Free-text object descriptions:
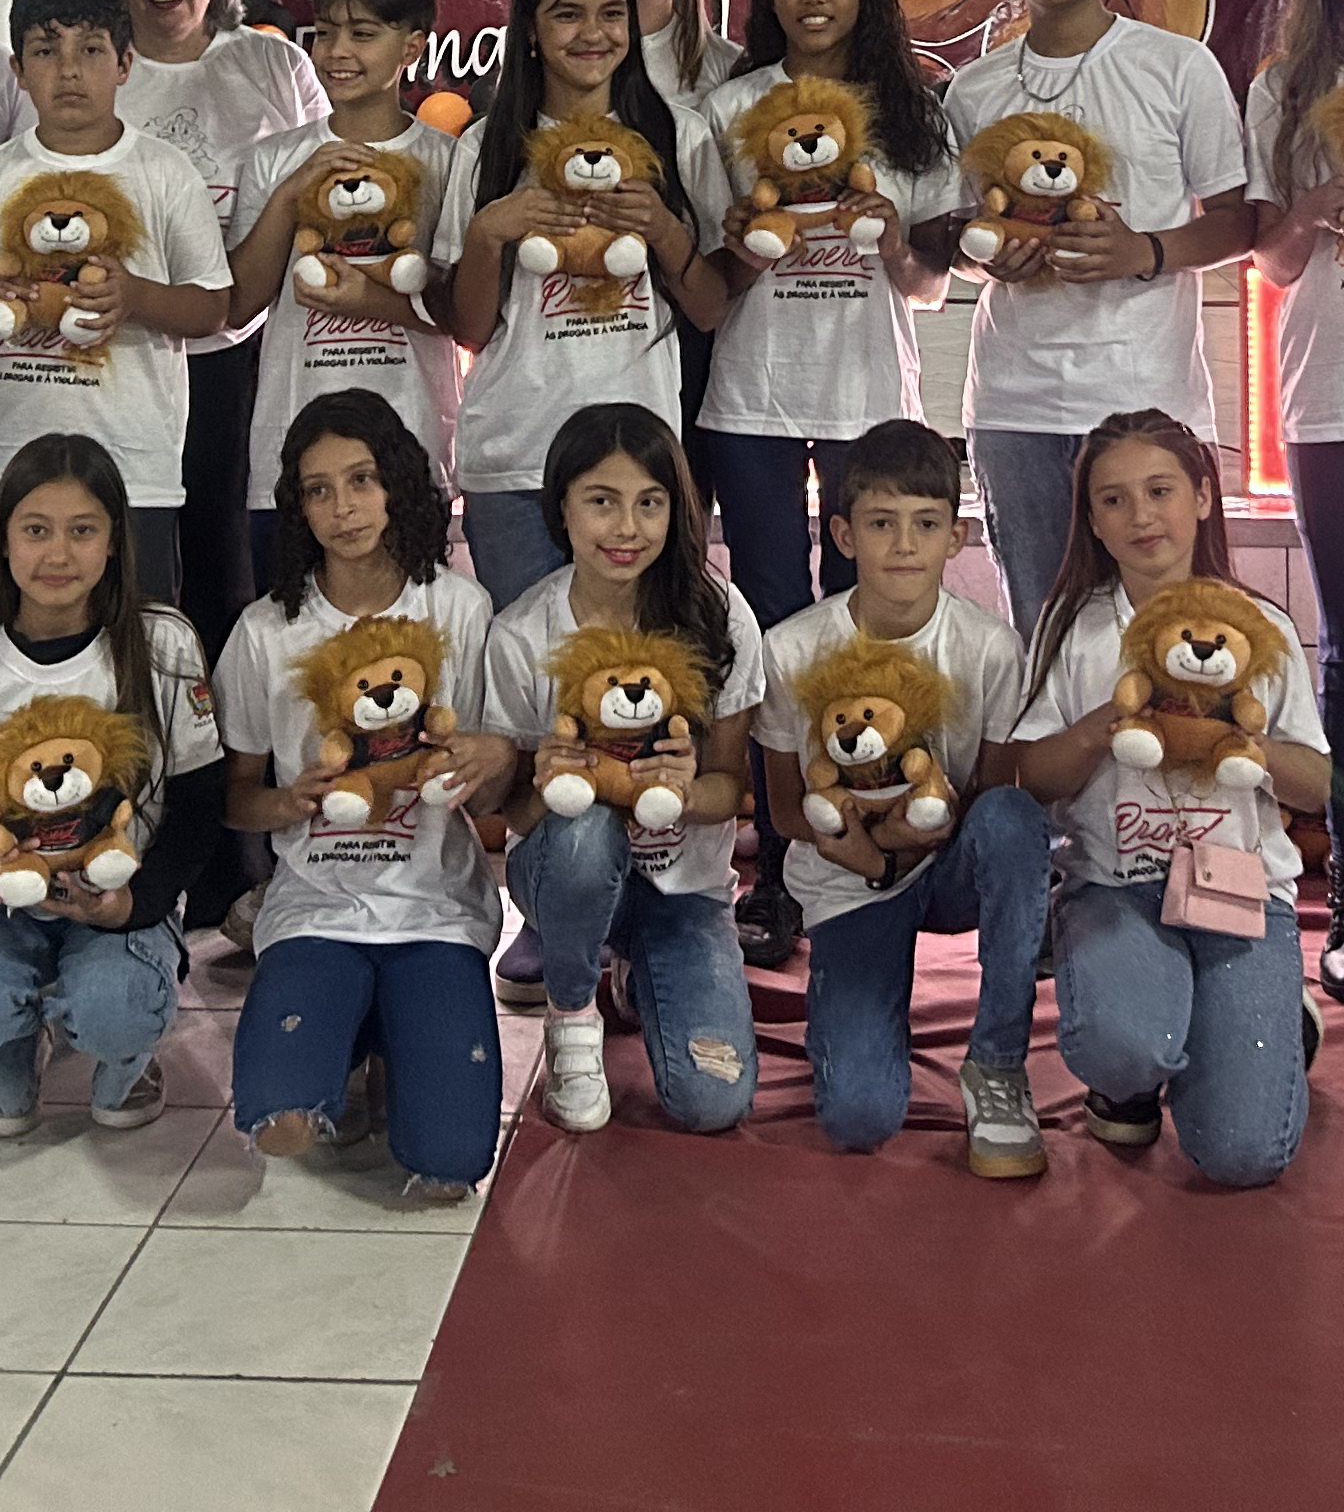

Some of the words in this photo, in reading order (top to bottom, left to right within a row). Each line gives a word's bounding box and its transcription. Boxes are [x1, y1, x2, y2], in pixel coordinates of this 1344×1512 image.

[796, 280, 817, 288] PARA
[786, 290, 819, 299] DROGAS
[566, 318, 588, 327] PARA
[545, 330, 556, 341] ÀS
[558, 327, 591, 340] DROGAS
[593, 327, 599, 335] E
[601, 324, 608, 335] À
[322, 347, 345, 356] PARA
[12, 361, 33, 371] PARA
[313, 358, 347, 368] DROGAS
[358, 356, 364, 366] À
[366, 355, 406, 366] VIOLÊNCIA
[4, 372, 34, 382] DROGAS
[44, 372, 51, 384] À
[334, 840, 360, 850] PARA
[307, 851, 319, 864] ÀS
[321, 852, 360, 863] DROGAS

WORK ORDER: Exactly repeat the data above; the pictures do not belong in your copy.

RESPONSE TO THIS EXERCISE:
Some of the words in this photo, in reading order (top to bottom, left to right within a row). Each line gives a word's bounding box and its transcription. Boxes are [x1, y1, x2, y2], in pixel coordinates of this 1344×1512 image.

[796, 280, 817, 288] PARA
[786, 290, 819, 299] DROGAS
[566, 318, 588, 327] PARA
[545, 330, 556, 341] ÀS
[558, 327, 591, 340] DROGAS
[593, 327, 599, 335] E
[601, 324, 608, 335] À
[322, 347, 345, 356] PARA
[12, 361, 33, 371] PARA
[313, 358, 347, 368] DROGAS
[358, 356, 364, 366] À
[366, 355, 406, 366] VIOLÊNCIA
[4, 372, 34, 382] DROGAS
[44, 372, 51, 384] À
[334, 840, 360, 850] PARA
[307, 851, 319, 864] ÀS
[321, 852, 360, 863] DROGAS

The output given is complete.